I don't think your question is entirely clear.  As far as I know, there is no useful short vector math library other than svml, and no one has tackled an open source equivalent.  People have demonstrated use of Intel svml under gfortran, but I don't think it is an entirely satisfactory method. 

As the documentation states, svml permits up to 4 Ulps (bits accuracy in the "last place") deviation from fully accurate math libraries such as Intel scalar or gnu libraries.  Those larger deviations generally show up only in corner cases such as sin(ridiculously big number) but are noticeable in normal usage under the ** operation.  It's not practical to vectorize functions such as extra precision range reduction.  For example, you might see full accuracy of sin() only within [+- Pi/4].  These are among the reasons why Intel compilers have several options to compile with or without svml.

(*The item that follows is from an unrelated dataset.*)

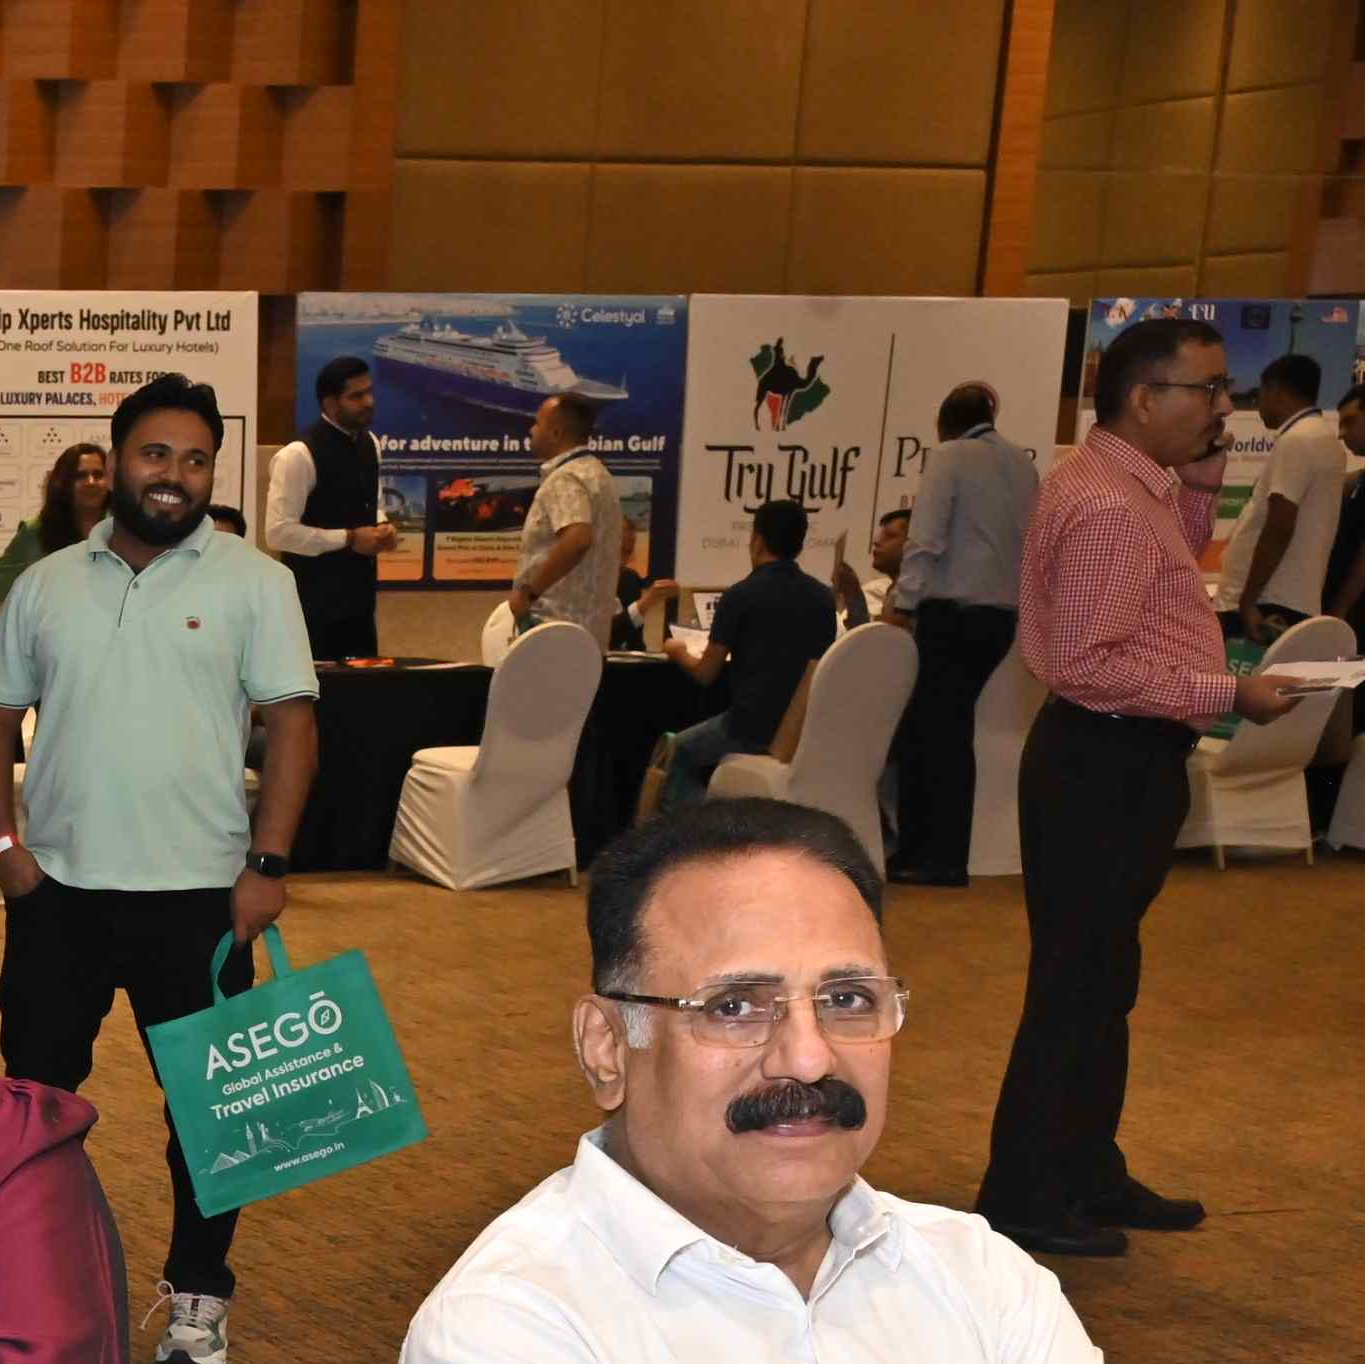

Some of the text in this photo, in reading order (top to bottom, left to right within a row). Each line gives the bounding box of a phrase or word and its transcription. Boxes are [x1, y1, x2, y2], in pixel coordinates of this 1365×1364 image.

The concept of svml was demonstrated in the late 1980's with the compiler for MultiFlow.   With that compiler it was feasible to write your own compatible replacements for "short vector" functions in C.  They didn't talk about vectorization as they wanted to distinguish their trace compilation from big iron vectorization.  In fact, a vector chunk math function could run in parallel with other expression evaluations on a single threaded CPU.

As you know, among the purposes of svml compared with long vector function libraries is to facilitate automatic compiler vectorization of complicated expressions involving math libraries, and to achieve better performance both with moderate vector lengths and with vector lengths big enough to impose questions of cache size and performance.  This is practical only with built-in compiler support for such auto-vectorization and multiplies the size of the math library code base by a factor of 2 or more.

In my experience, full support for svml is among the few aspects of clear superiority of Intel compilers over open source alternatives.  It is a big one in terms of compiler and library team support requirement.

I have to assume that your definition of open project excludes use of closed source compilers and libraries as I don't see the point of your question otherwise.